WHAT NEEDS TO BE DONE. Each line of the records that follow must come back exactly, with pictures skipped.

(Source records)
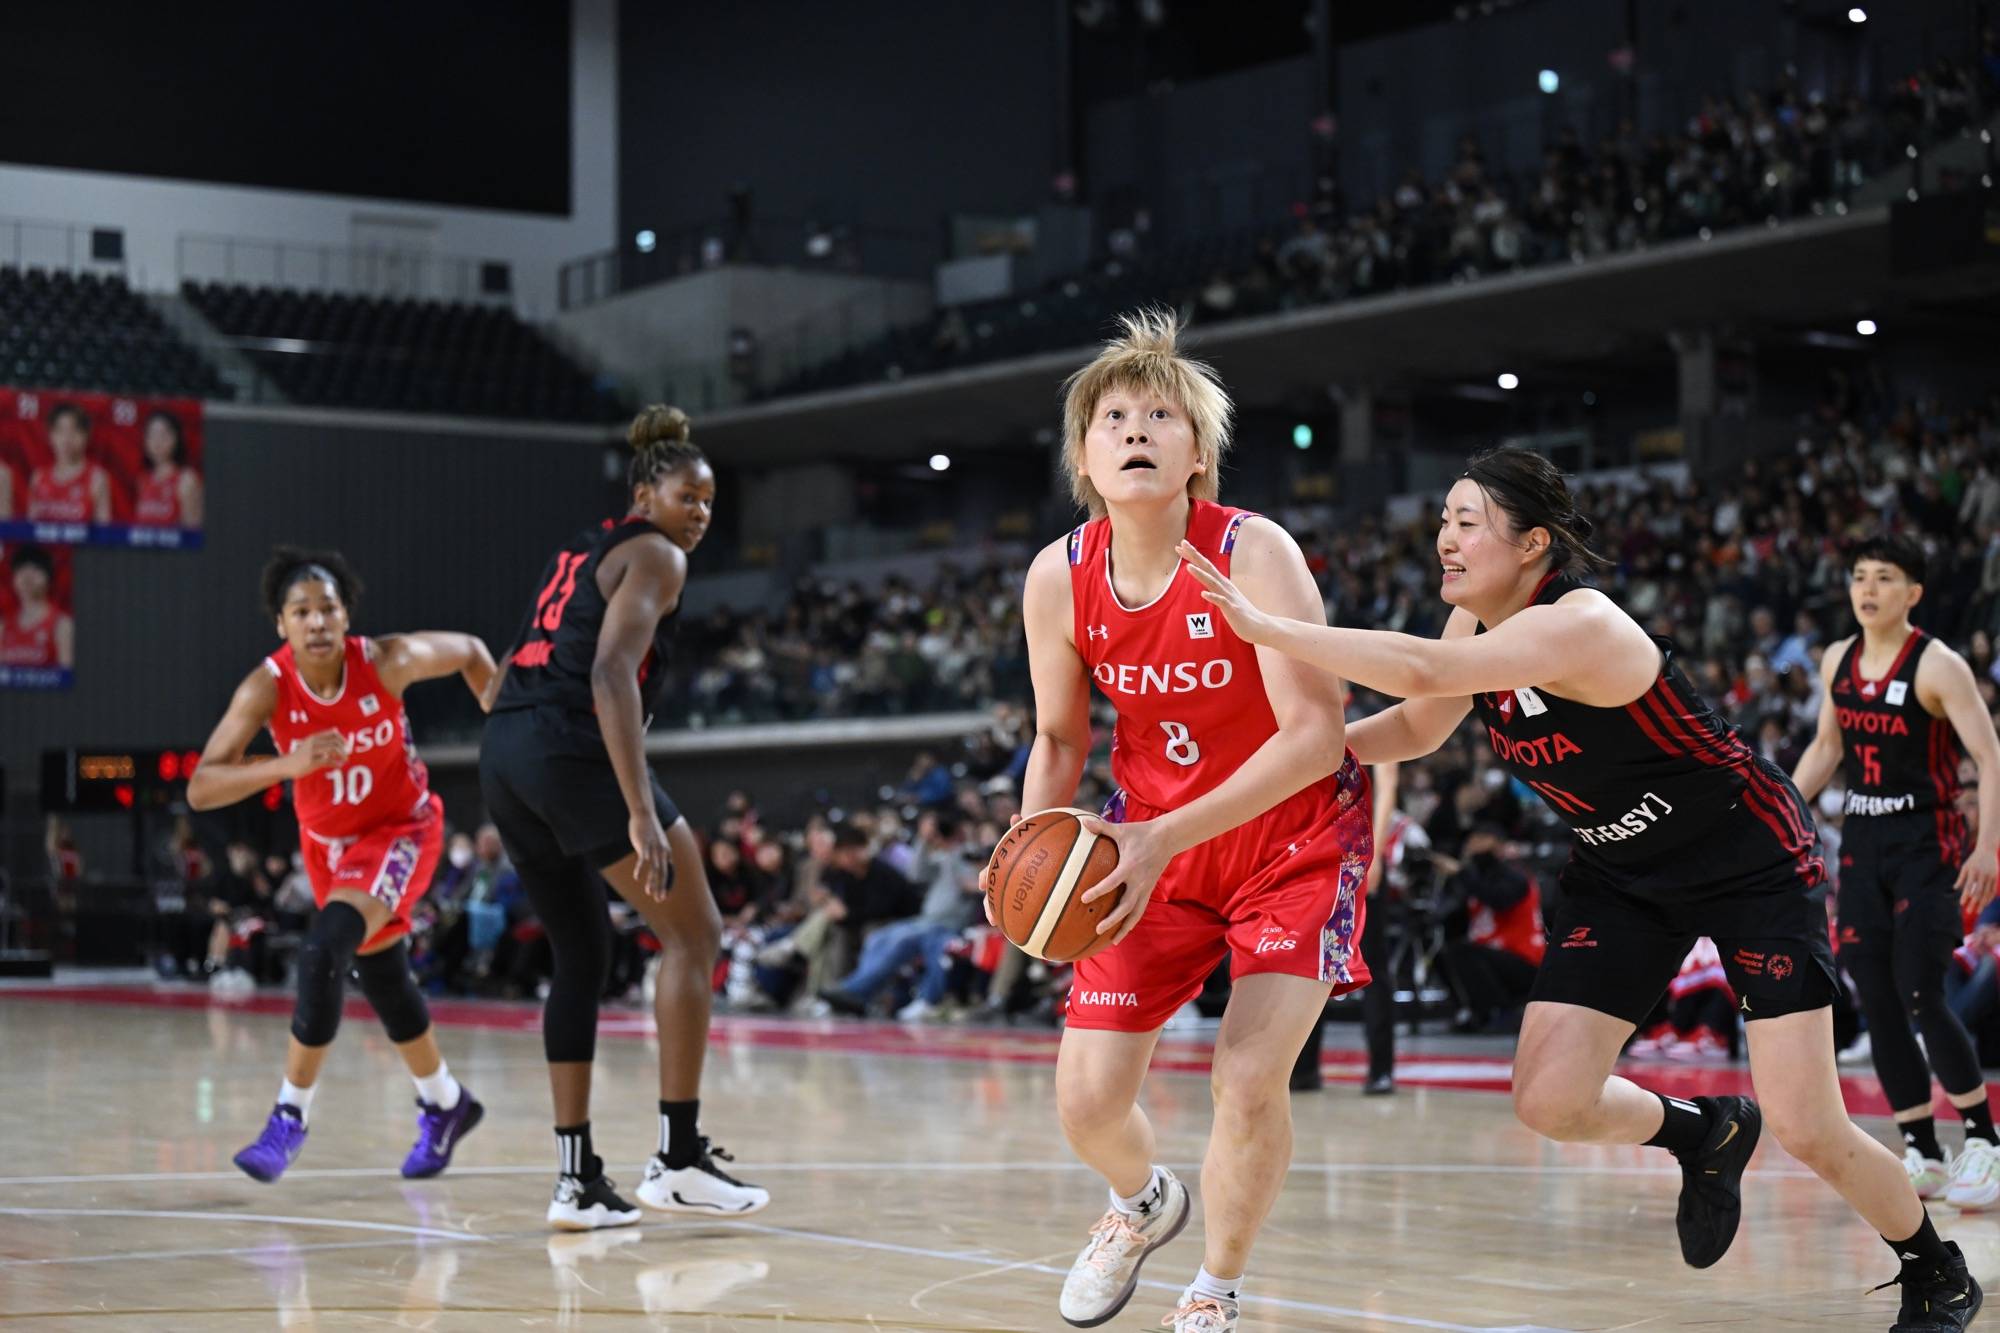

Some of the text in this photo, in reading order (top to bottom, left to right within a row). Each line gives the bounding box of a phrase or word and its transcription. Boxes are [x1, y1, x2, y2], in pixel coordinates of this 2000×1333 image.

[1093, 658, 1233, 695] DENSO
[1159, 721, 1200, 766] 8
[1489, 725, 1584, 768] TOYOTA
[325, 765, 373, 806] 10
[1012, 847, 1049, 912] molten
[1079, 989, 1139, 1007] KARIYA
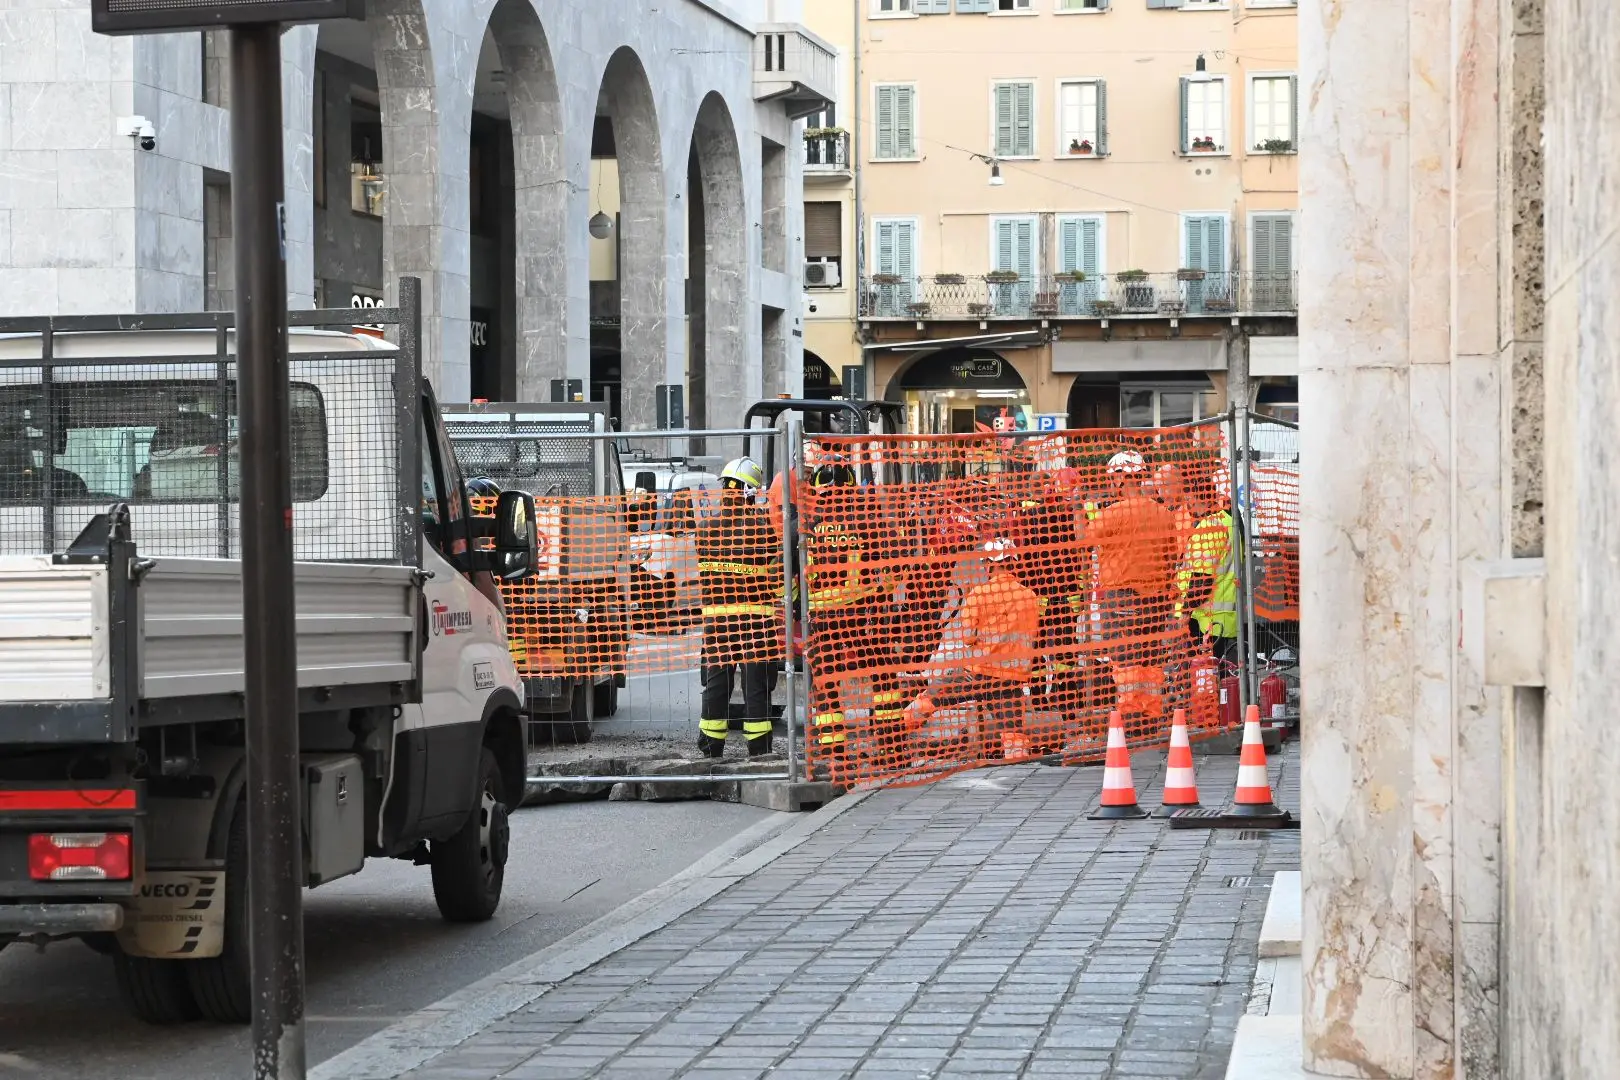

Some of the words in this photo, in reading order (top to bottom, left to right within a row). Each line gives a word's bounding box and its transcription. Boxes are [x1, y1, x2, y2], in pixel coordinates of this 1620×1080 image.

[470, 321, 488, 346] KFC
[1040, 417, 1052, 431] P
[135, 883, 190, 898] VECO
[175, 914, 204, 922] DIESEL

COMPLETED TASK.
Some of the text in this photo, in reading order (top to bottom, left to right within a row). Each line gives the bounding box of a phrase or word and its transcription. Boxes are [x1, y1, x2, y2], in pixel coordinates of this 2000×1333 image.

[1093, 658, 1233, 695] DENSO
[1159, 721, 1200, 766] 8
[1489, 725, 1584, 768] TOYOTA
[325, 765, 373, 806] 10
[1012, 847, 1049, 912] molten
[1079, 989, 1139, 1007] KARIYA

Some of the words in this photo, in reading order (top to bottom, left to right within a row). Each line gives a word's bounding box and its transcription. Boxes are [x1, y1, x2, y2], in pixel coordinates of this 1620×1080 image.

[470, 321, 488, 346] KFC
[1040, 417, 1052, 431] P
[135, 883, 190, 898] VECO
[175, 914, 204, 922] DIESEL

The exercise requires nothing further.